The potential for working while studying overseas is one of the greatest benefits you’ll see in the principal destinations we reveal: Australia, New Zealand, and Canada.
Although before travel you have to demonstrate you have the required tools to support you during your stay, employed as a student is a superb means to pay additional expenses such as: attending concerts and other displays, eating in great restaurants, seeing cities aside the one where you’re studying in, saving, purchasing presents for your loved ones and a whole lot more.
Australia: While you are studying in an institution, you can work for 40 hours weekly for a program that lasts at least 3 months, provided that you’re insured by a student visa.
With this modality of job you’ll have the fundamental rights of employees like medical help, paid holidays and compensated absences.
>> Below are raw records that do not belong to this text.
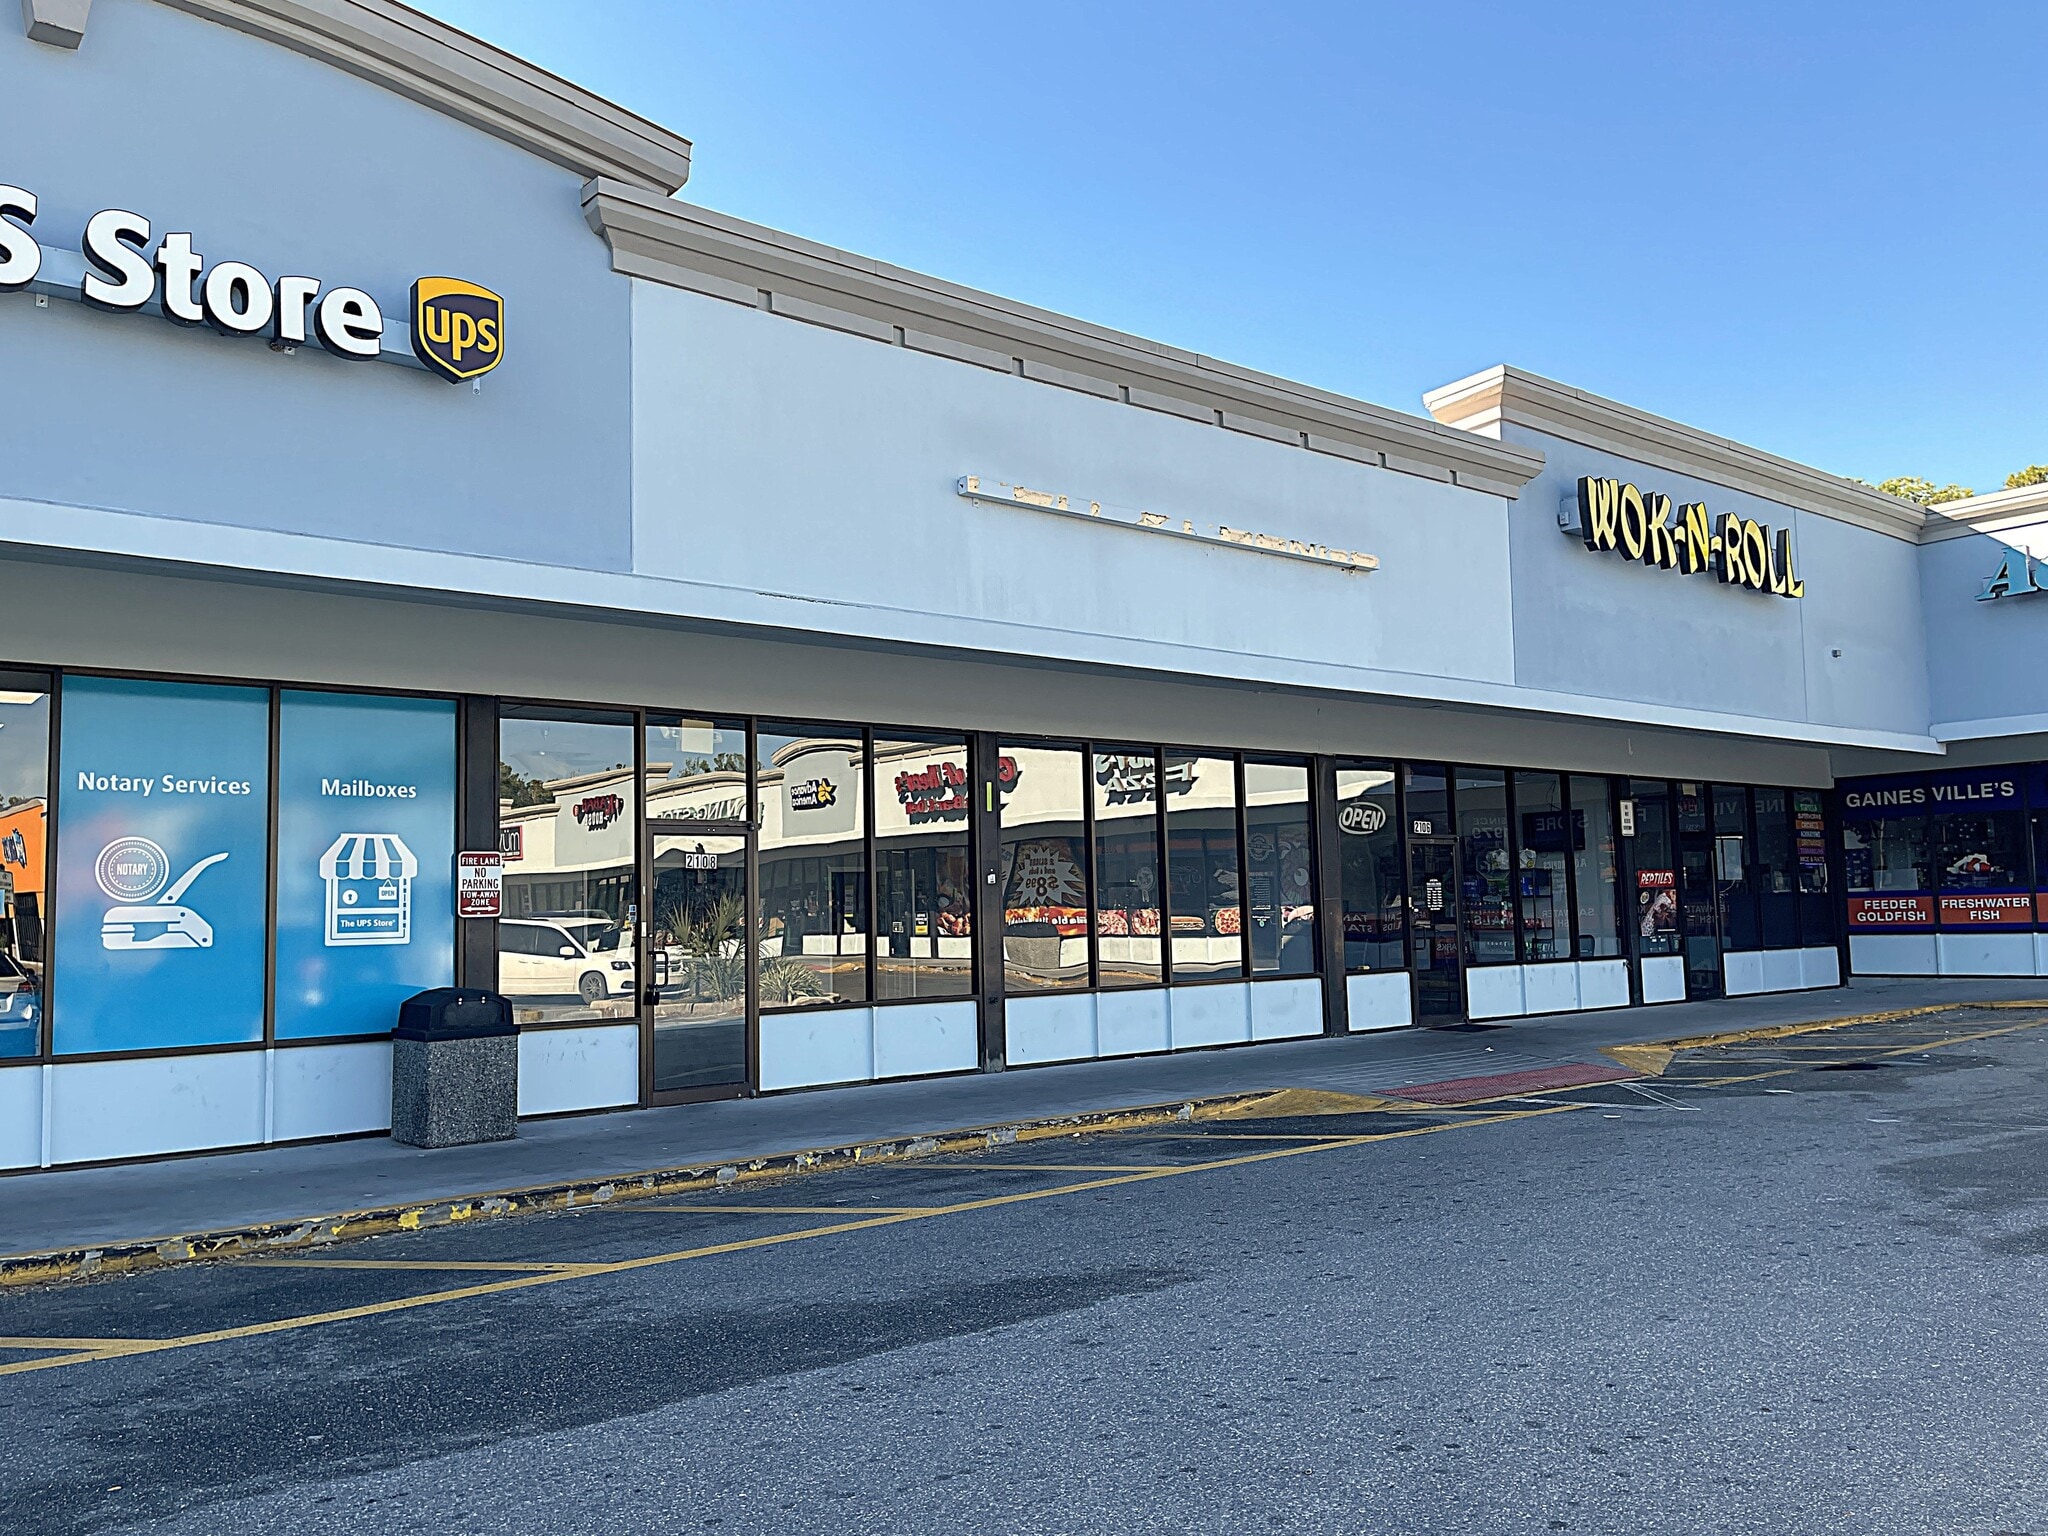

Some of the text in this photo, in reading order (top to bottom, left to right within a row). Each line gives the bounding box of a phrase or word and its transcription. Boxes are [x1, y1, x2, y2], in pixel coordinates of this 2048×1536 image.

[83, 208, 385, 357] Store
[425, 305, 499, 361] ups
[1577, 475, 1805, 599] WOK-N-ROLL
[78, 772, 251, 797] Notary Services
[321, 778, 417, 798] Mailboxes
[1846, 781, 2015, 807] GAINES VILLE'S
[1341, 807, 1381, 831] OPEN
[1413, 821, 1432, 834] 2106
[462, 857, 499, 865] FIRE LANE
[686, 854, 718, 869] 2108
[116, 863, 149, 877] NOTARY
[474, 867, 487, 878] NO
[462, 878, 499, 889] PARKING
[1640, 872, 1673, 885] REPTILES
[381, 889, 396, 897] OPEN
[462, 891, 499, 899] TOW-AWAY
[471, 898, 490, 906] ZONE
[1864, 899, 1918, 910] FEEDER
[1941, 897, 2031, 909] FRESHWATER
[1857, 911, 1927, 922] GOLDFISH
[1970, 910, 2001, 920] FISH
[341, 920, 355, 928] The
[357, 919, 372, 927] UPS
But should you find yourself with a Casual Work, you won’t have those rights.
You may work a couple of hours every week or a few days full time. To compensate for the rights that are absent in this scenario, your hourly wages will probably be more generous than all the additional contracts. More about working and studying in Australia.
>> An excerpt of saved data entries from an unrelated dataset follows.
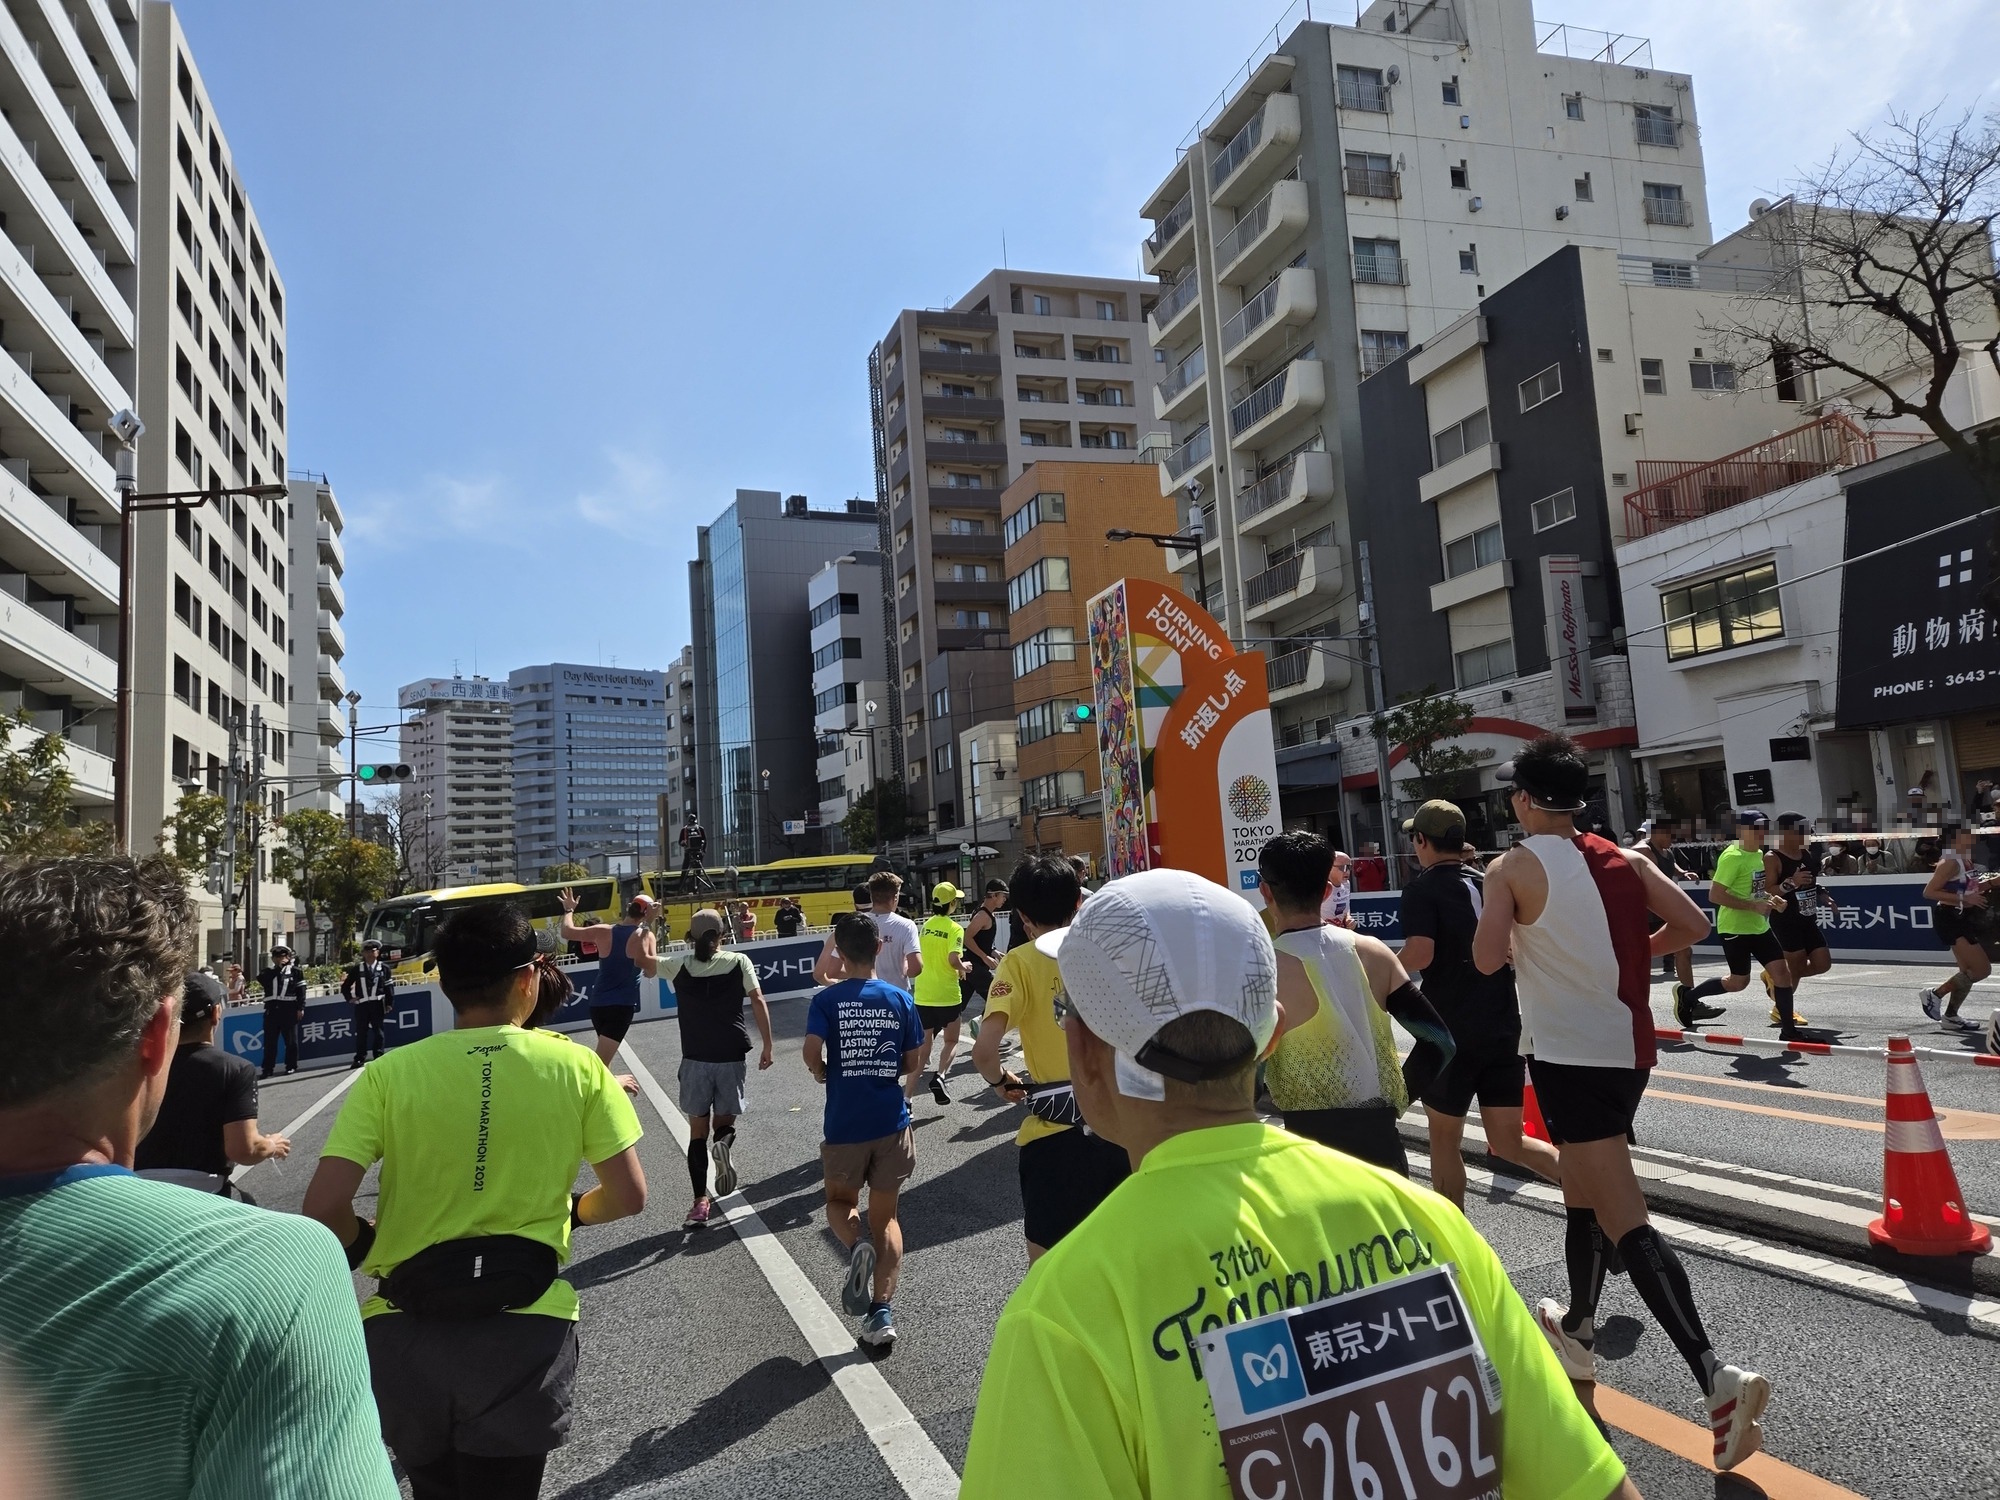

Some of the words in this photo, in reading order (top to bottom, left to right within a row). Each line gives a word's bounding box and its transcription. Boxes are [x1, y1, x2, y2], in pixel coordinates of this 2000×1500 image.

[1560, 580, 1578, 645] Raffinato
[1145, 607, 1194, 653] POINT
[1157, 593, 1223, 661] TURNING
[563, 670, 581, 682] Day
[583, 671, 604, 683] Nice
[606, 673, 628, 685] Hotel
[630, 675, 654, 688] Tokyo
[1945, 669, 2000, 686] 3643-
[409, 688, 427, 702] SEINO
[1179, 668, 1248, 751] 折返し点
[1232, 825, 1275, 838] TOKYO
[1234, 837, 1272, 847] MARATHO
[1234, 847, 1264, 863] 20
[1350, 911, 1399, 928] 東京メ
[1815, 904, 1934, 929] 東京メトロ
[753, 956, 815, 981] メトロ
[837, 1001, 850, 1009] We
[838, 1008, 887, 1019] INCLUSIVE
[301, 1009, 419, 1044] 東京ロ
[839, 1019, 900, 1030] EMPOWERING
[840, 1038, 877, 1048] LASTING
[841, 1048, 875, 1059] IMPACT
[881, 1060, 897, 1068] equal
[481, 1061, 492, 1098] TOKYO
[477, 1100, 490, 1163] MARATHON
[473, 1165, 486, 1192] 2021
[1210, 1239, 1272, 1288] 31th
[1305, 1294, 1459, 1371] 東京メトロ
[1229, 1428, 1278, 1446] BLOCK/CORRAL
[1302, 1375, 1497, 1500] 26162
[1240, 1449, 1286, 1500] C
New Zealand: You can work part-time (20 hours a week), while registered in any study program that lasts over 14 weeks, provided that the faculty is considered group 1 from the New Zealand Government. LAE signifies several schools that have this attribute. More about working and studying in New Zealand.
Canada: You can work up to 20 hours a week if you’re studying a specialized or technical class or greater that lasts at least eight months. On holiday, you are able to study the whole time. More about working and studying in Canada to come soon.
Many other countries such as Ireland, United Kingdom, and the United States also provide work rights for students, but they are mostly for higher education students with special conditions; it’s not accessible to all international students.